Je n’ai pas de problème avec l’islam. L’islam en a peut-être un avec moi, je veux dire avec nous ou avec vous, mais je n’en ai pas l’impression. Par exemple, j’ai un problème avec le capitalisme qui, après avoir produit de la richesse, produit surtout de la misère en se financiarisant. Il explique ces jours-ci, avec l’aplomb et un art accompli du nonsense, qu’il faut travailler plus et gagner moins alors que les grands patrons travaillent moins et gagnent toujours plus. J’ai un problème, aussi, avec les boutefeux de la guerre civile ethnique qui n’ont pas fait leur service militaire mais veulent rouler des mécaniques rue Myrha[1. Et je n’ai pourtant aucune sympathie pour les gens qui prient dans l’espace public.] dans des apéros « républicains » heureusement virtuels, car ces gens-là aiment bien allumer l’incendie mais envoient toujours les autres les éteindre. The same old story, comme chantait Billie Holliday. Quand il y a une guerre, ceux qui veulent la faire sont rarement ceux qui la font. C’est pour cela qu’il y a assez peu de vieux sur les monuments aux morts et que je serais curieux de connaître, parmi le tout petit nombre d’intellectuels néoconservateurs français qui voulaient envoyer nos pioupious au feu en 2003, combien étaient ou avaient été ne serait-ce qu’officiers de réserve.[access capability= »lire_inedits »]

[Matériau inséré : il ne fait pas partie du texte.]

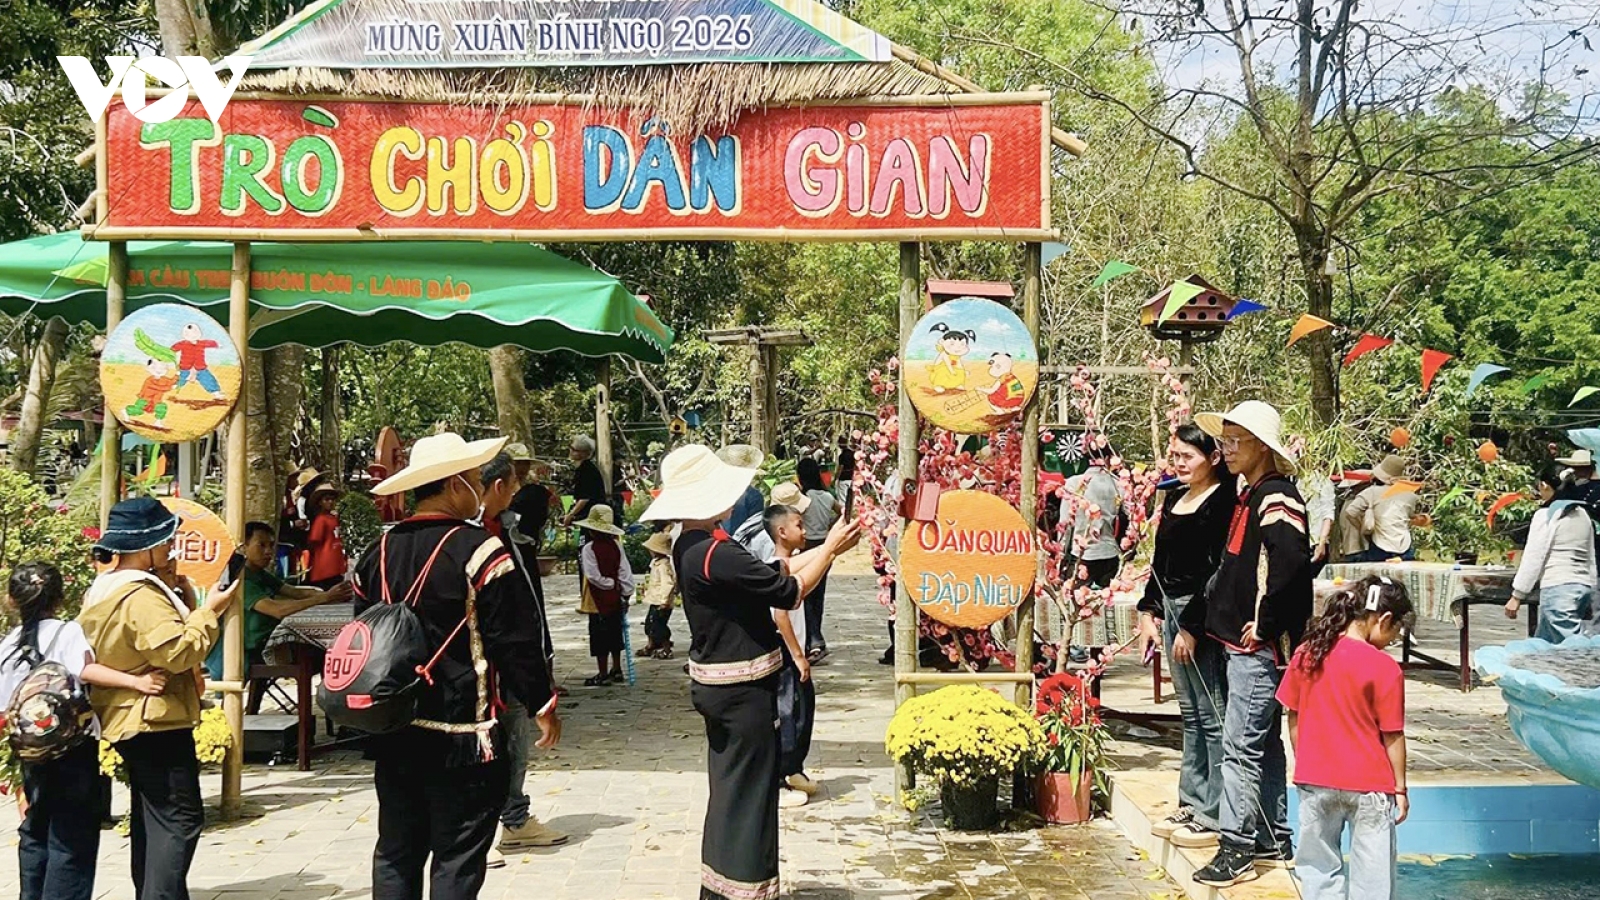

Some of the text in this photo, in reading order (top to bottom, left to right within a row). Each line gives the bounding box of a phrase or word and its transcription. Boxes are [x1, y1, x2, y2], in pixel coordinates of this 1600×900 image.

[367, 14, 752, 56] MỪNG XUÂN BÍNH NGỌ 2026
[139, 104, 345, 216] TRÒ
[582, 117, 742, 217] DÂN
[917, 570, 1023, 616] ĐẬP NIÊU
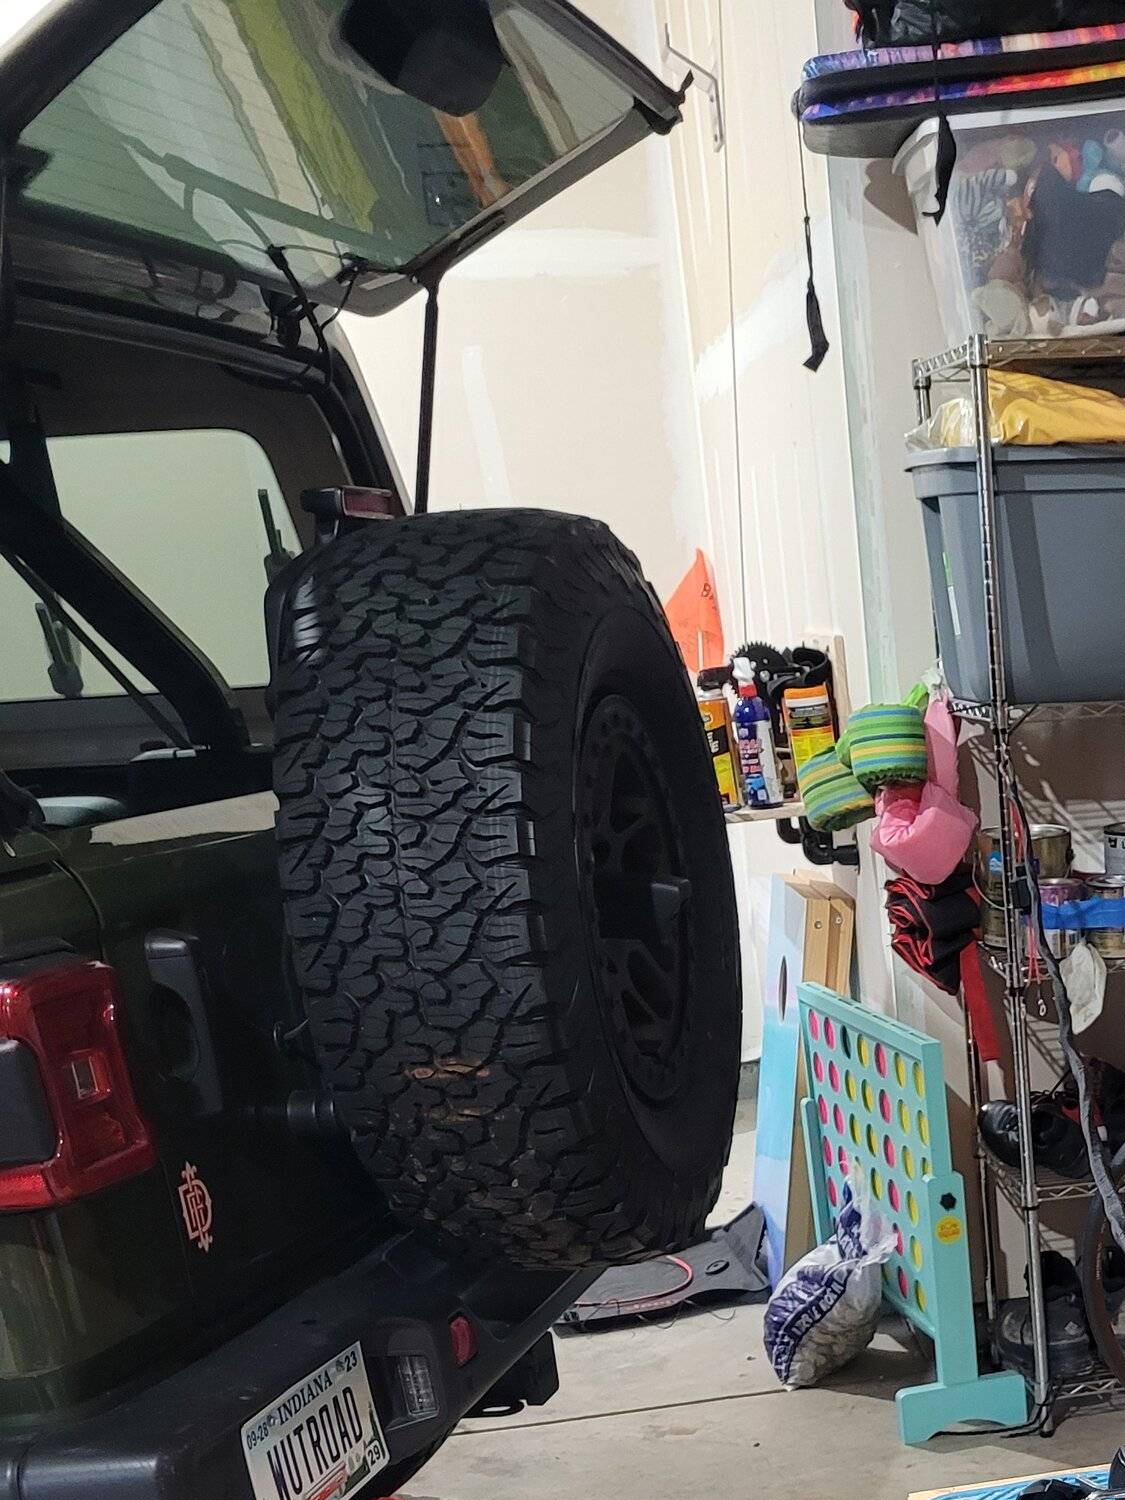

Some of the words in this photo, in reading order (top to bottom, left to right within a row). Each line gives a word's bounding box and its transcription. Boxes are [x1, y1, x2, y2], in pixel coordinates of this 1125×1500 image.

Irak et Turquie : l’échec du « containment » islamophobe
Comme l’a balancé Eric Raoult à un petit journaliste de Canal+ qui croyait faire le malin en lui demandant ce qu’il pensait du cadeau fait par l’UMP à Chirac dans le remboursement des frais de bouche de la mairie de Paris : « Au lieu de dire des conneries, tu ferais mieux de remercier le président qui a empêché ton grand frère de revenir de Bagdad dans un sac en plastique. »
Les islamophobes, au moins ceux qui le sont sur un plan géopolitique, sincèrement, je ne les comprends pas. Les troupes américaines s’en vont après avoir laissé plusieurs milliers de morts à eux sur le terrain et plusieurs centaines de milliers chez les autochtones. Pour quel résultat ? Eh bien, la création d’une mosaïque de principautés musulmanes très hargneuses où chiites et sunnites vont se mettre sur la tronche de plus belle dès que la dernière section de GI aura quitté la Zone verte. Or, qu’y avait-il avant l’intervention américaine ? Un pays laïque. C’était une dictature, méchante, cruelle, mais laïque, et Saddam Hussein valait ce qu’il valait, il n’empêche qu’il tenait son monde. Alors pourquoi cette guerre ? Ce n’était pas pour sauver la civilisation occidentale ? Ç’aurait été pour de simples questions d’approvisionnement pétrolier ? Je sens qu’on va encore dire que je ramène tout à l’économie.
Même chose avec la Turquie. Voilà un pays que tout le monde commence à regarder d’un sale œil. Il sert de base arrière aux flottilles dites « de la paix » et son président, Recip Erdogan, musulman modéré[2. Je suis d’accord : c’est un oxymore. Comme « capitalisme moral ».], remet tranquillement mais sûrement en cause les acquis du kémalisme. Rappelons que Mustafa Kemal avait, dès les années 1920, occidentalisé son pays, que sa laïcité intransigeante avait forcé les hommes à se raser et les femmes à se dévoiler, que la séparation entre l’islam et l’Etat a fait de la Turquie le seul pays, avec le Mexique, qui ait en la matière une conception proche de la nôtre. Assez logiquement, les Turcs se disent : « Nous allons adhérer à l’Europe » ; et l’Europe leur dit, en gros dès les années 1960 : « D’accord, mais dans trente ans, le temps que vous vous développiez un peu. »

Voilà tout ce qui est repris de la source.